Assertions abound from inside the state bubble that the airport infrastructure will somehow implode without state control; that does not square with the facts. And equating the ill-crafted regulation-loaded subsidy-seeking Hawaii Health Systems Corp. to an autonomous airport authority is a flawed comparison. Concerns raised by the attorney general for state appropriations is extraneous with no need to filter federal funds; actually there’s no practical need for the state at all but to father the law.
The tourism consortium, airlines and airline passengers simply want sensible progress and unfettered airport management. By now, all should see that a completely hands-off approach by the state is the best way forward. Let the specialists work with no state appropriations filter, no excessive state procurement hurdles, and allow the new agency to partner with the current assimilated employees as their own, for goodness sake, not through the state human resources gatekeepers. Then and only then will our citizen passengers get the airport they deserve.
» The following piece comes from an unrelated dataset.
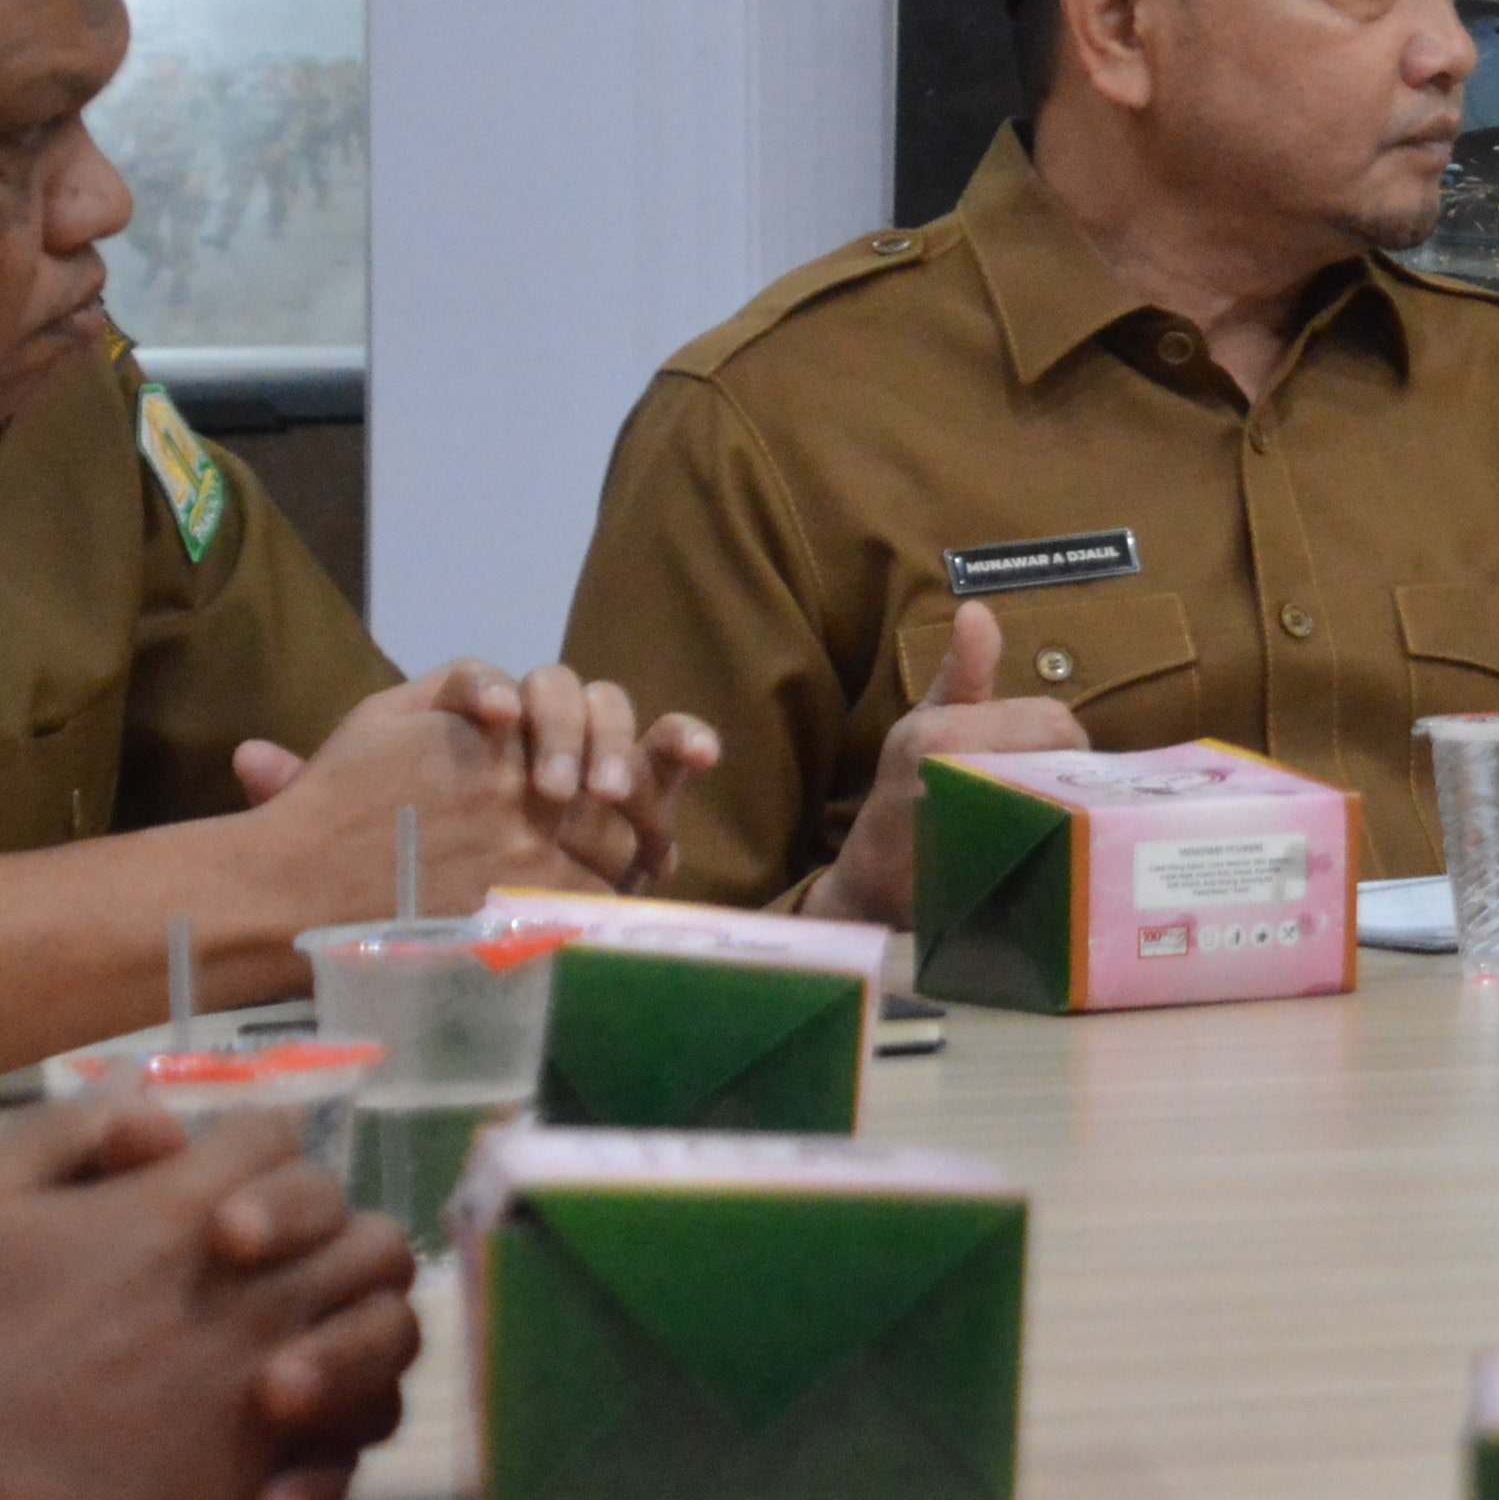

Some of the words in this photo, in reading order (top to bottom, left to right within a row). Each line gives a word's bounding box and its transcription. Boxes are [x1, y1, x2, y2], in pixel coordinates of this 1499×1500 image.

Aviation is crucial to Hawaii and we have many unmet challenges. Where choices must be made, the economic pipeline must remain robust. The self-funding system may yield some low-performing business units in need of sponsorship, but these selective opportunities can be isolated and appropriately addressed. What Hawaii should recognize are the “best practices” throughout our ever-shrinking planet, and evolve appropriately. Let’s replace conjecture with hard facts, challenge ourselves to champion these changes and place the right tools into the right hands.
Airport authorities have successfully proliferated over the past 40 years with impressive results and no failures. While we study our belly buttons in angst, the incalculable opportunity cost continues to rise. The only reasonable way to achieve change while we are young is complete state divestiture of the airport levers and processes.
Inexplicably, those in the State Machine who cling to their byzantine maze of regulations and endless approvals must themselves now wait another eight months for the usual “procession of advocates” to kiss another dozen rings and wait in line yet a third time to discuss this mess — oh, the irony. All this has left our wonderful world-class destination and its airport system in the Pacific doldrums floundering as the world watches, and wonders — again.
The 2018 session will need legislative leaders to engage with the proponents to defeat the weak arguments against this proven success formula. With due respect, with all that is at stake, they should come without fear to bruise some egos, skin some political knuckles, and finally do the right thing for our citizens by getting this streamlining law off the ground.
The airport authority will be the creation of a proud state when it ultimately flies. And, by planning for success, not fearing failure, fly it will.
Richard Hill is a 16-year Hawaii resident and former board chairman for Reno Tahoe Airport Authority.